Exercise: If an entry holds a picture, drop the picture and restate the rest word for word.

(Annotated photo localization data)

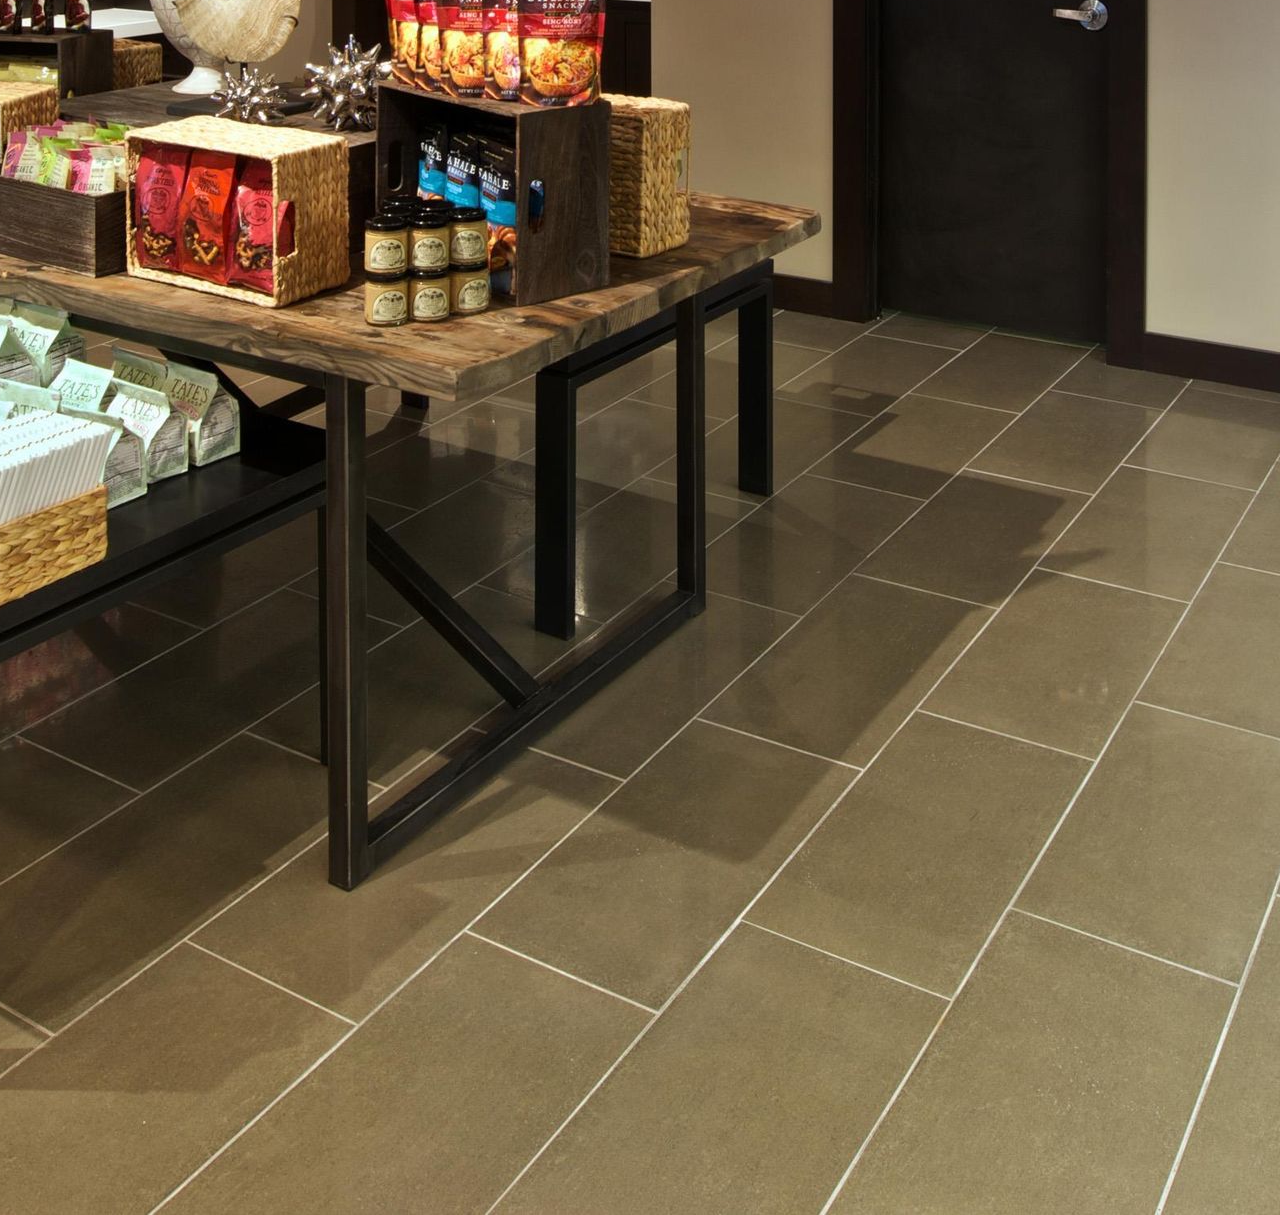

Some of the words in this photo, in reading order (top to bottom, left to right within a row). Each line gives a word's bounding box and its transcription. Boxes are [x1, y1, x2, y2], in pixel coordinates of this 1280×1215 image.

[542, 2, 585, 10] SNACKS
[447, 154, 477, 175] AHALE
[118, 364, 159, 387] TATE'S
[58, 378, 102, 400] TATE'S
[171, 377, 211, 403] TATE'S

Task answer:
Some of the words in this photo, in reading order (top to bottom, left to right within a row). Each line gives a word's bounding box and its transcription. Boxes are [x1, y1, x2, y2], in pixel coordinates of this 1280×1215 image.

[542, 2, 585, 10] SNACKS
[447, 154, 477, 175] AHALE
[118, 364, 159, 387] TATE'S
[58, 378, 102, 400] TATE'S
[171, 377, 211, 403] TATE'S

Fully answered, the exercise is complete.